Доктор почувствовал себя неловко.
— Какие отвратительные сны!.. Погано!.. Но во сне и не такое иной раз привидится. Я не знаю, чего ты смущаешься. Понятно, такой сон не расскажешь, особенно в дамском обществе.
— А если это не сны…
Доктор даже отшатнулся.
— Что? Ты хочешь сказать, что ты…
— Нет! Я прихожу в содрогание при одном воспоминании о них, но они так реальны…
— Сны поражают реальностью…
— И еще… теперь… я нашел в постели у себя тряпку, — он вынул платок и вытер лицо, — грязную тряпку и выбросил ее… а потом… почувствовал запах… это — лоскут ее рубашки! В драке! Он остался у меня…
Доктор выпил вино и стукнул по столу стаканом.
— Ну, это уж чушь! Ты лежал все время пластом и от тебя не отходили ни на шаг… Он такой же пакостный, как и все твои сны.
— А лоскут?
— Вероятно, тряпку для пыли забыла прислуга, убирая комнату. Вот она и попала тебе под руку.
— Это говорит и жена…
— Не то ваша Фифишка занесла. Она всякую дрянь таскает. У Коли в постели кость нашли.
Вино было допито. Доктор посмотрел на часы и встал.
— Два часа! Пора и по домам. Вот что, дорогой, — заговорил доктор, кладя руку на плечо друга, — это все переутомление, сны эти! Надо отдохнуть и полечиться. Сходи к Рыбалкину. Вместе съездим!.. А пока отдохни. Завтра еще посиди дома. Позаняться, если уже есть зуд такой, немного можешь! Я зайду на неделе. До свиданья!
Они поцеловались. Доктор прошел в переднюю и, натягивая пальто, одновременно всовывая ноги в калоши, говорил:
— Главное, отдохнуть и развлечься, а от снов беды нет. Кабак, тюрьма, виселица. Лишь бы не наяву…
Он оделся, взял зонтик, дружески простился и вышел, затворив за собой дверь.
Французский замок щелкнул.
Он вернулся в кабинет, зажег свечку и погасил лампу, взял книгу и зажженной свечкой прошел в спальню.
Жена крепко спала, подложив под щеку сложенные руки.

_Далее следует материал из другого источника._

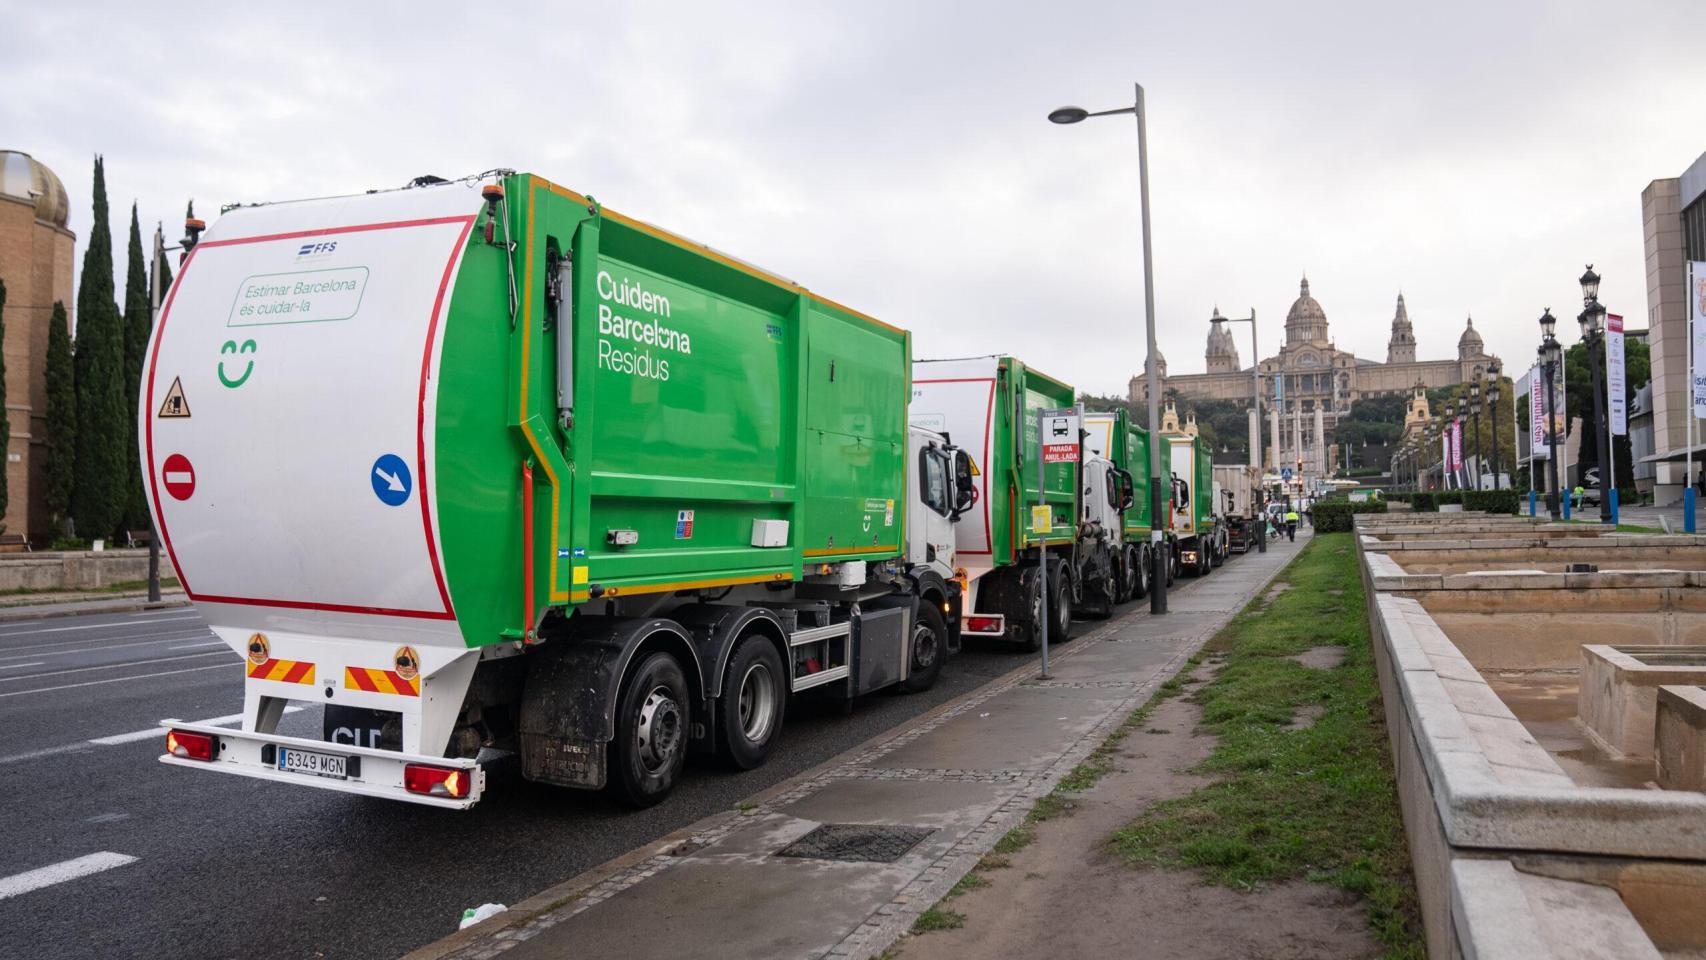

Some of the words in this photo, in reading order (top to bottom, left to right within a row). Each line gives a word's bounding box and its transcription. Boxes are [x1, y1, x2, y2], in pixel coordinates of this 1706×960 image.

[314, 241, 338, 254] FFS
[245, 284, 291, 299] Estimar
[293, 279, 357, 296] Barcelona
[597, 270, 671, 318] Cuidem
[257, 299, 312, 316] cuidar-la
[599, 303, 692, 355] Barcelona
[598, 338, 670, 382] Residus
[1049, 445, 1073, 454] PARADA
[287, 752, 317, 770] 6349
[320, 757, 344, 774] MGN

Он осторожно прошел в детскую и поцеловал детей, потом вернулся в спальню, разделся, лег и долго читал. Наконец, загасил огонь и, думая о работе, которую надо исполнить завтрашний день, тихо заснул.
Работы, за время его короткой болезни, накопилось. Она вся срочная и протекает через его руки ровным потоком, но, если сделать перерыв, она задерживается, нагромождается и обращается в лавину, готовую раздавить своей массой.

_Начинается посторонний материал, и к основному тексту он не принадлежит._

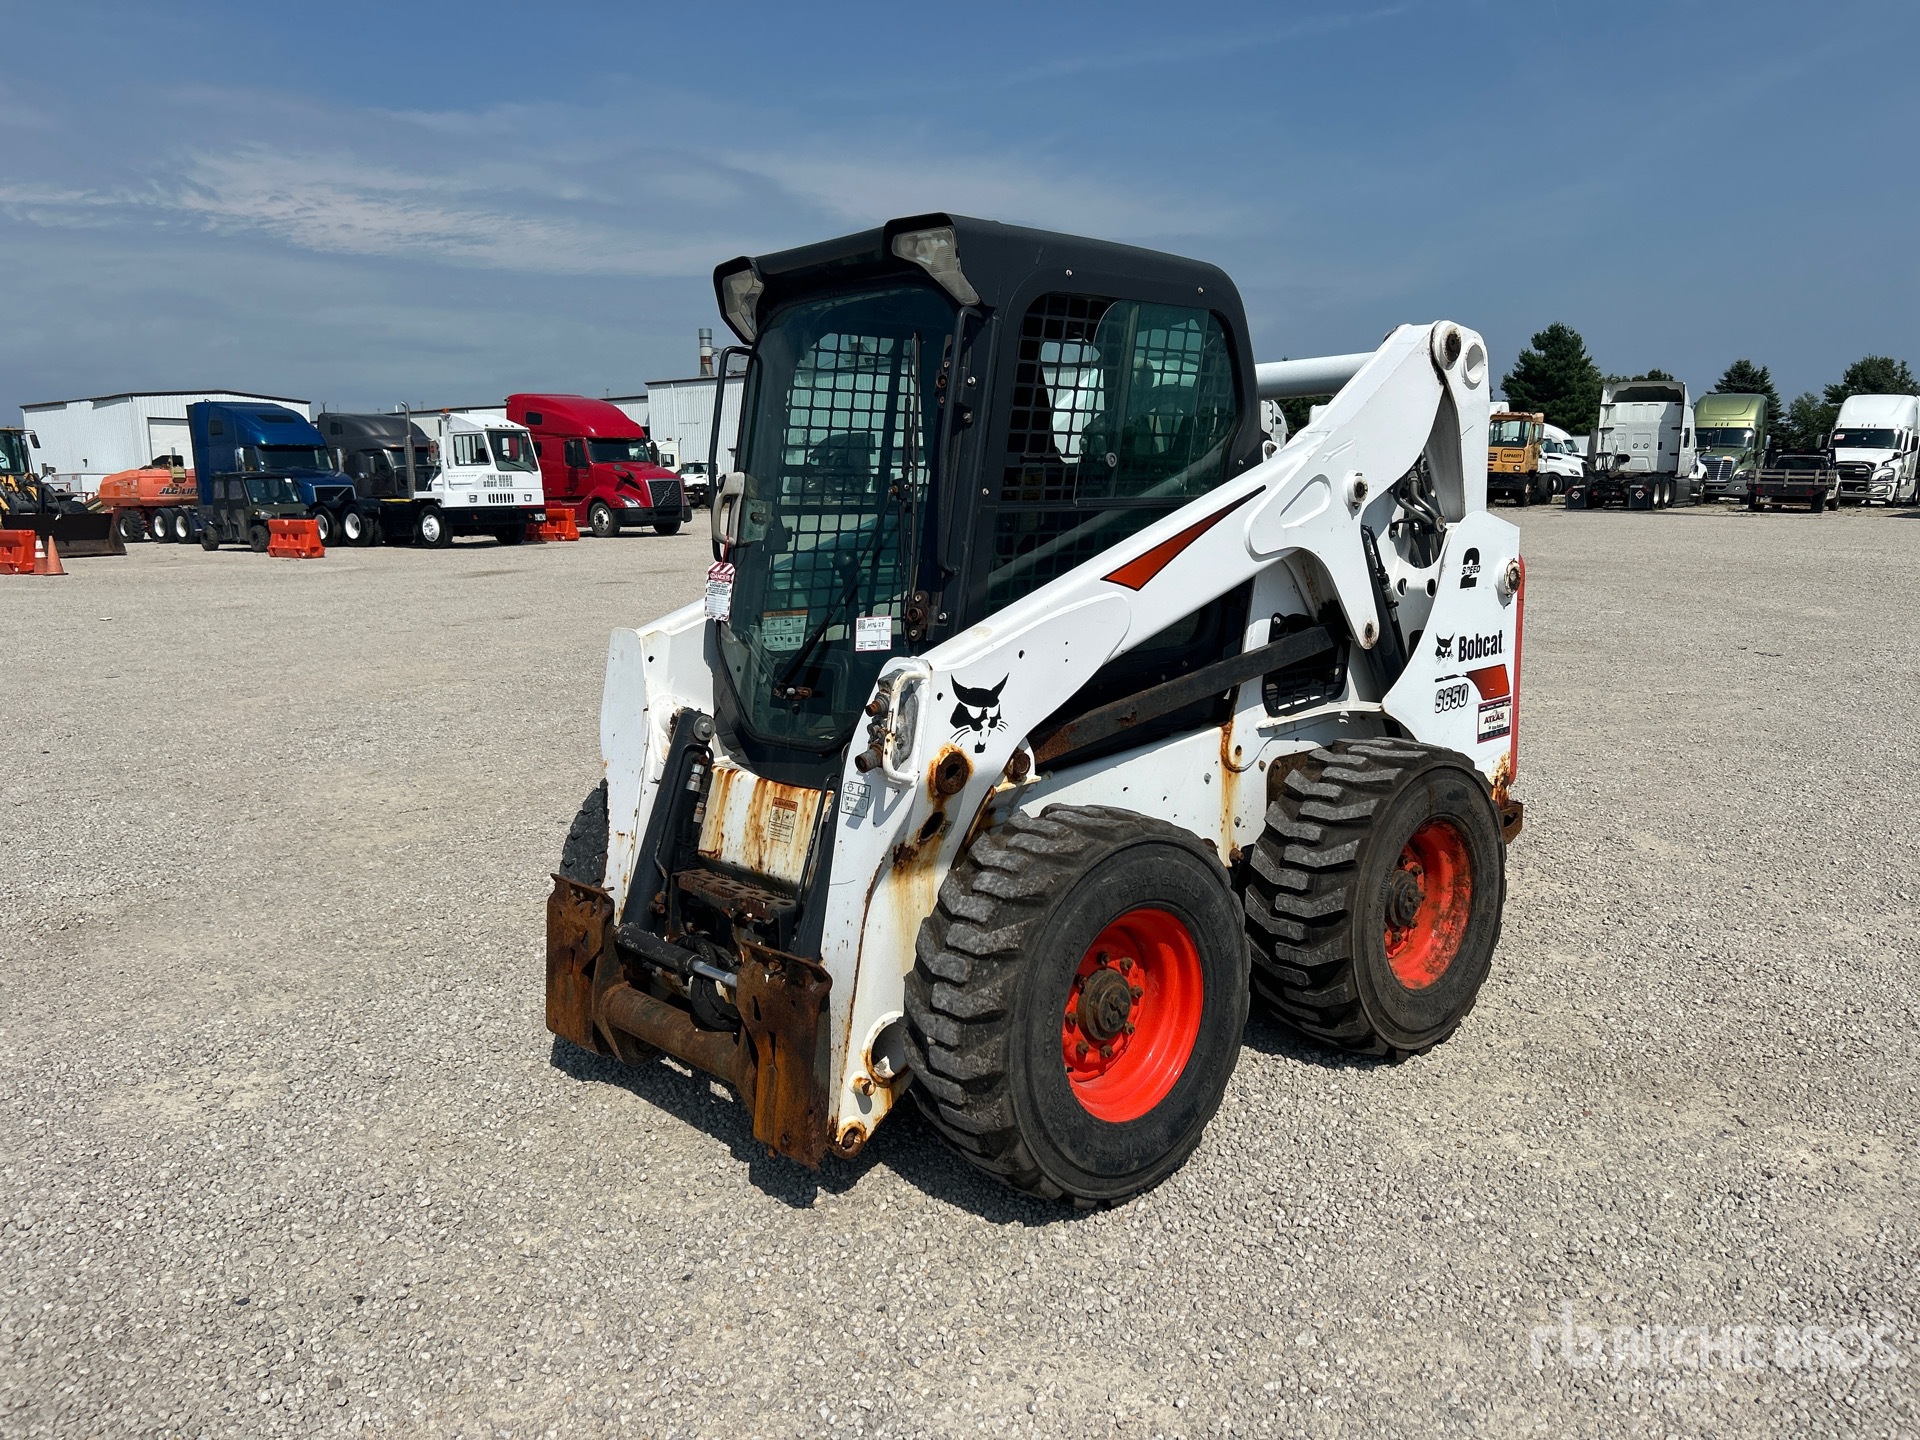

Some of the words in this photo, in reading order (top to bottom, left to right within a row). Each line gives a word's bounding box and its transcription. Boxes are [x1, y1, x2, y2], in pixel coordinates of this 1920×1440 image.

[159, 487, 179, 495] JLG
[1459, 547, 1480, 589] 2
[1458, 629, 1503, 662] Bobcat
[1435, 683, 1469, 713] S650
[1484, 712, 1504, 724] ATLAS

Не ждет никто: ни наборщики, ни машины, ни издатель, ни подписчики. И работа движется, как бесконечный ремень маховом колесе машины.
Ему это нравилось. Сознание, что все часы отданы работе, мирило его с жизнью. Он сидел у себя за столом в кабинете и думал, что жизнь его полезна и ближним, и близким…

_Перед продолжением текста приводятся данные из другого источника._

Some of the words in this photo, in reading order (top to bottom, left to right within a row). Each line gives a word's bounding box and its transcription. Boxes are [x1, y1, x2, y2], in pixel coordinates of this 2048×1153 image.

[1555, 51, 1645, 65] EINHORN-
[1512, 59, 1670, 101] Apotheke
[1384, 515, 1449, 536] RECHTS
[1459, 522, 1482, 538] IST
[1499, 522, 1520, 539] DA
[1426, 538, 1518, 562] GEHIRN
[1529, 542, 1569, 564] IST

Стол его теперь был завален и рукописями, и корректурными оттисками, и сверстанными листами. В кухне сидел рассыльный из типографии.
Он закончил часть работы и отпустил рассыльного, потом напился вечернего чаю и опять пошел в кабинет.
— Ты бы отдохнул. На сегодня довольно, — сказала жена.
— Там отдохнем, — шутливо ответил он и прибавил: — я уже совсем окреп, а работы вон сколько! Сброшу ее и отдохну.
Дети простились с ним и пошли спать.
Жена принесла ему обычный ужин и ушла тоже, сказав ему:
— Не сиди долго!
В квартире наступила тишина ночи, та тишина, которую он так любил, среди которой ему работалось всегда легко и свободно.
Он отложил перо, откинулся к спинке кресла и задумался.
Со стен на него смотрели лица его друзей и товарищей: и те, с которыми он начал свою работу, и те, которые благословили его, и те, которых он благословил. Сверху ласково и любовно глядело на него вдохновенное лицо Диккенса; в углу чернела дорогая гравюра распятого Христа.
Он любил свой кабинет и свое в нем уединение.